Chinese policy makers, intent on ending a selloff that has eroded confidence in their management of the economy, are targeting the futures market because selling the contracts is one of the easiest ways for investors to make large wagers against stocks. It’s also a favored product for short-term speculators because the exchange allows participants to buy and sell the same contract in a single day. In the cash equities market, there’s a ban on same-day trading.
Yet futures are also a popular tool among sophisticated investors with longer-term horizons. For hedge funds, they provide an easy way to adjust exposure to market swings. And large institutions use them to make cost-effective asset-allocation changes. As an example, selling index futures might be cheaper than unloading a large block of shares -- an order that could put downward pressure on prices.
A sustained slump in liquidity may spur some institutional investors to “give up hedging in futures, unwind futures positions and reduce their stock positions,” said Dai Shenshen, a trader at SWS Futures Co. in Shanghai.
China, which has been investigating evidence of “malicious” short selling since July, stepped up curbs in the futures markets on Monday. The China Financial Futures Exchange now labels a position of more than 10 contracts on a single index future as “abnormal trading.” While the bourse said the restriction won’t apply to futures used for hedging purposes, it didn’t detail how it will identify such trades. Before last month, investors could have as many as 600 contracts.

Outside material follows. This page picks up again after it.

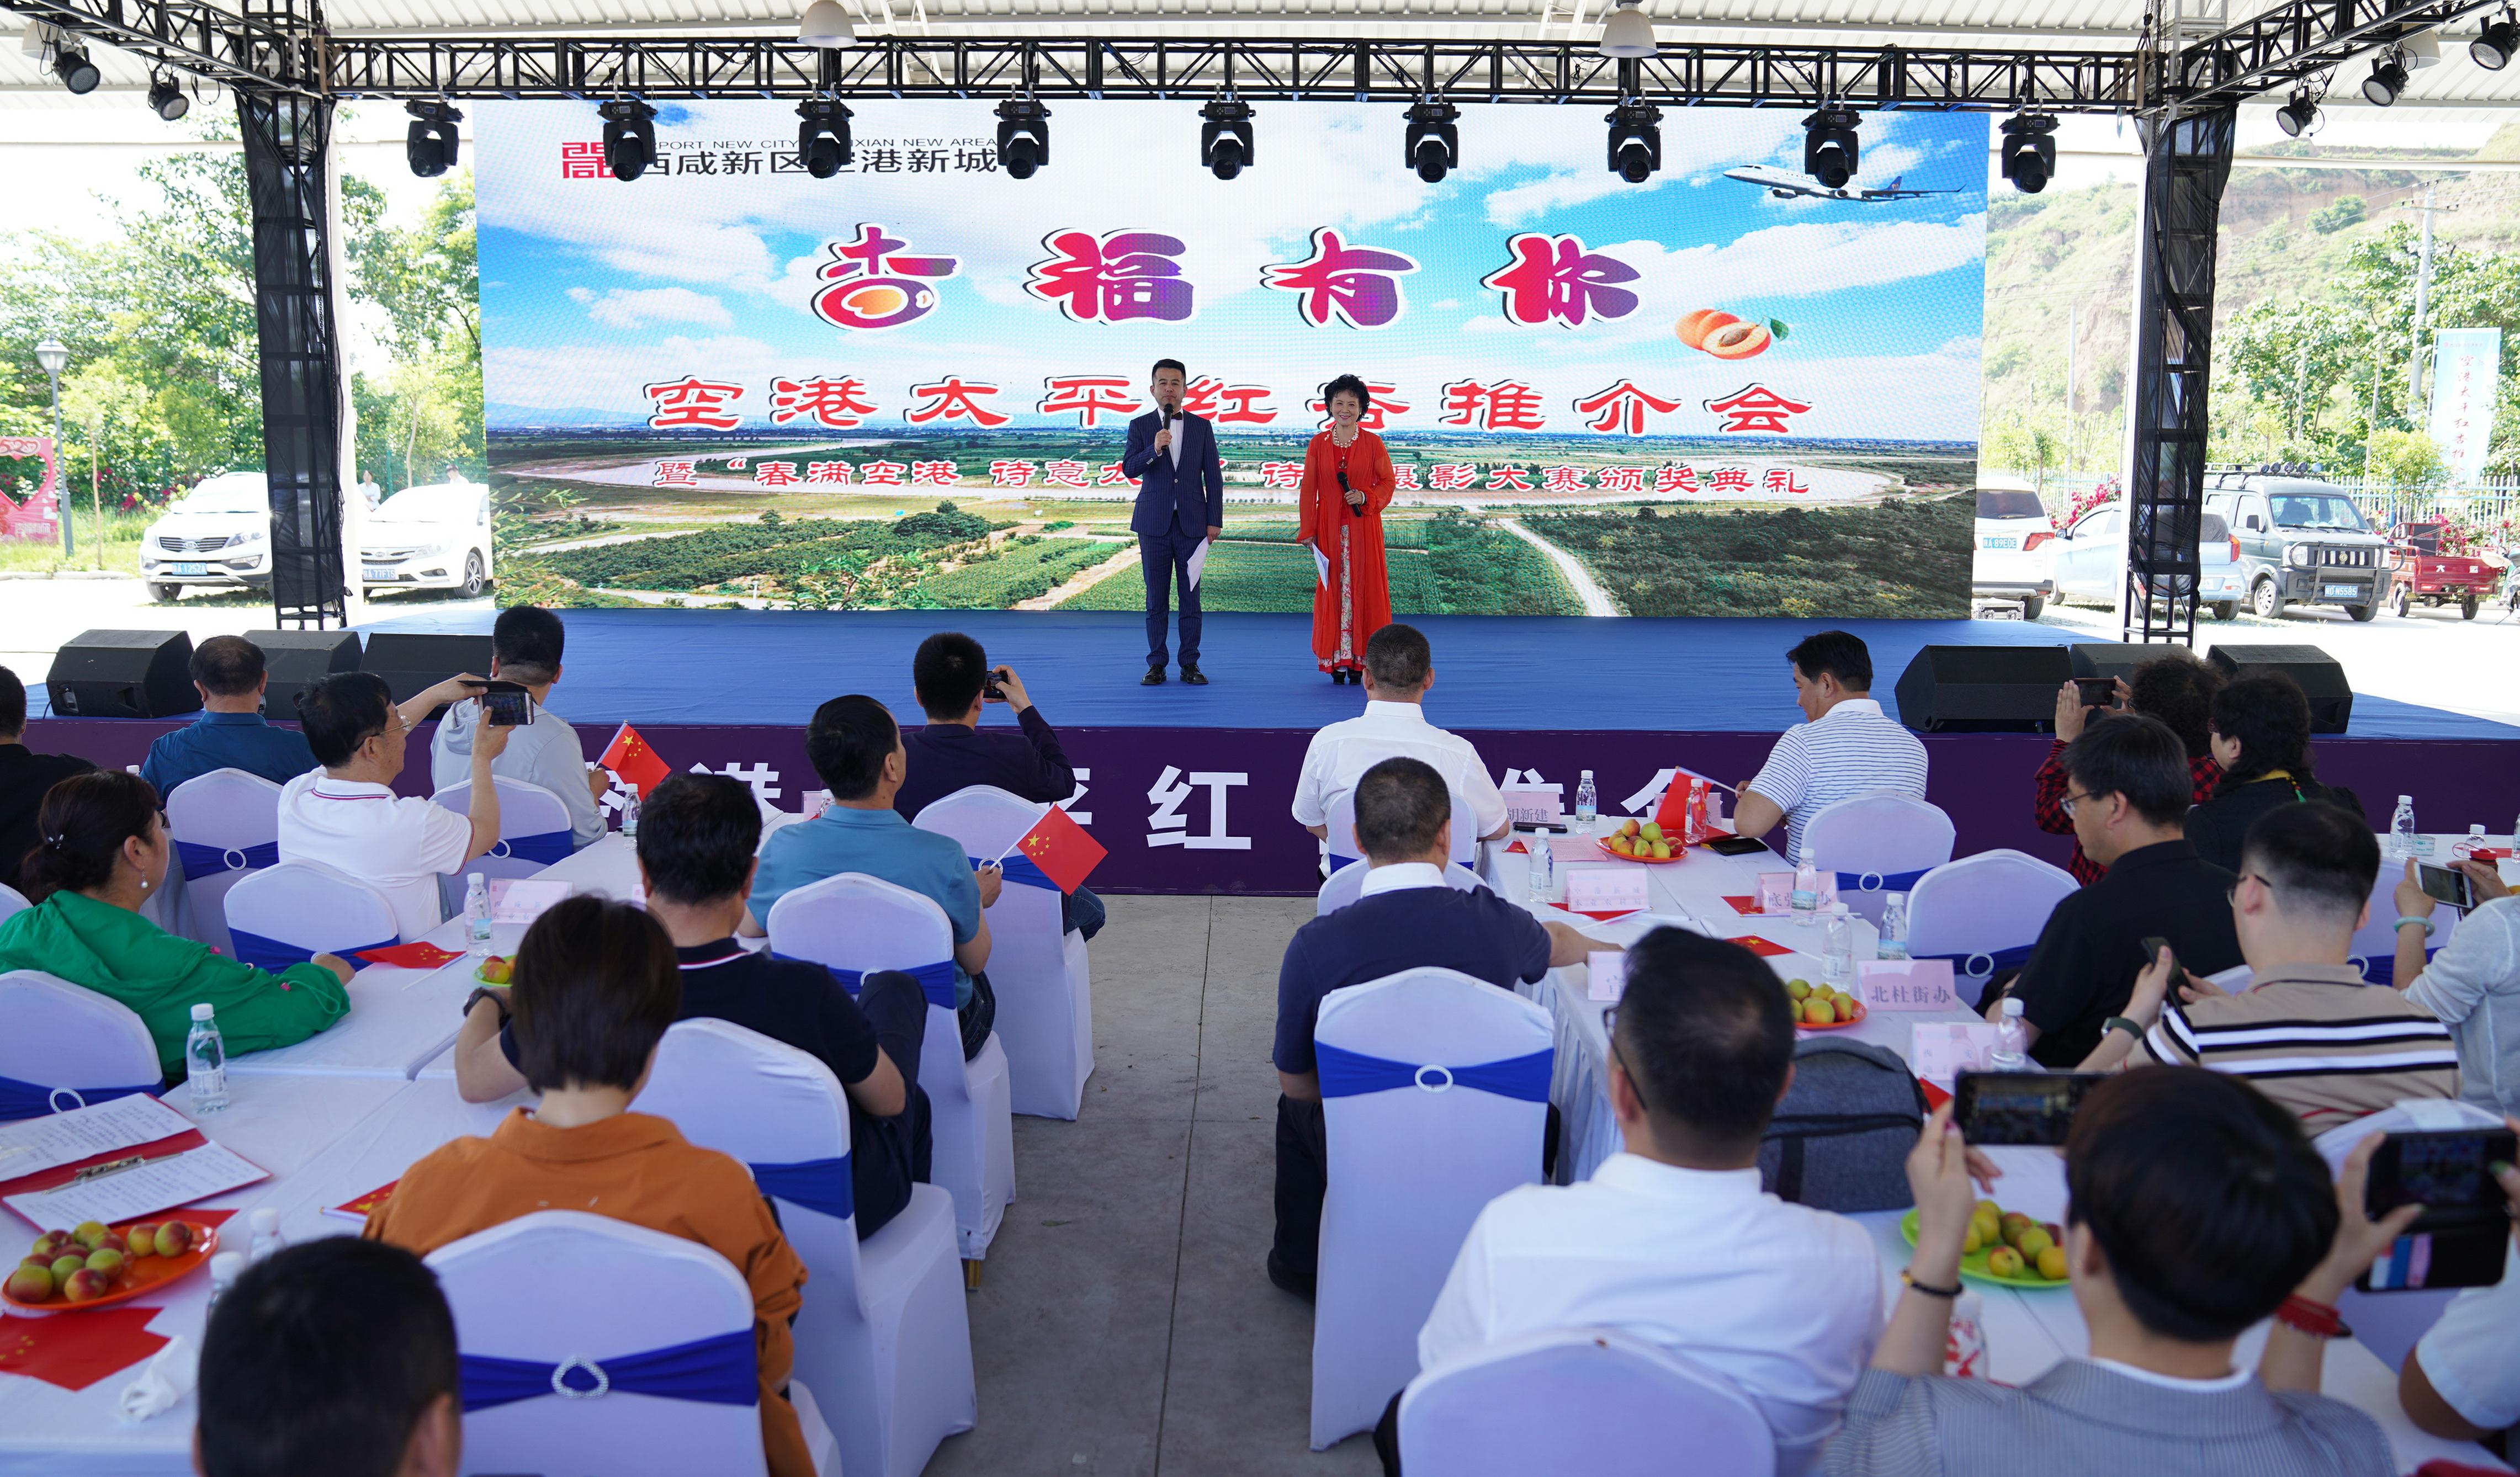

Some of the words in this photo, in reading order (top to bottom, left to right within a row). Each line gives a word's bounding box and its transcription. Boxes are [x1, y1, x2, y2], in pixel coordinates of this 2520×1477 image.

The bourse also raised fees for settling positions opened on the same day to 0.23 percent from 0.0115 percent. Margin requirements on stock-index futures contracts were lifted to 40 percent from 30 percent. For those with hedging demand, the levels climbed to 20 percent from 10 percent. Exchange officials didn’t respond to e-mailed questions from Bloomberg News on Tuesday.
Futures trading on the CSI 300 Index, a gauge of the nation’s biggest companies, shrank to just 27,899 contracts on Wednesday. That’s down from 3.2 million at the end of June and compares with the 30-day average of 1.7 million. For the CSI 500 Index of small-cap shares, volumes have dropped to 11,820 from about 144,000 a month ago.
The CSI 300 climbed 2 percent on Wednesday, while the benchmark Shanghai Composite Index increased 2.3 percent.
While Bocom International Holdings Co.’s Hao Hong says the futures curbs will be especially painful for domestic hedge funds, he doesn’t think Chinese authorities are abandoning their long-term goal of giving markets a greater sway in the economy. Right now, Hong says, policy makers are primarily focused on ensuring stability in the nation’s financial system.
“Reform is still a very important agenda, but it is also a longer term one,” said Hong, the China strategist at Bocom in Hong Kong.
For Yoyo Shi, a Shenzhen-based trader at Citic Futures Co., it’s unclear how long the latest measures will last. What she does know is that they’re bad for the securities business as volumes evaporate.
“It’s a tough time for all of us,” said Shi, whose firm is a unit of China’s biggest brokerage. “All the measures the authorities introduced to help the market become more healthy over the past three months were supposed to be temporary. But as we can see, there are more measures coming in.”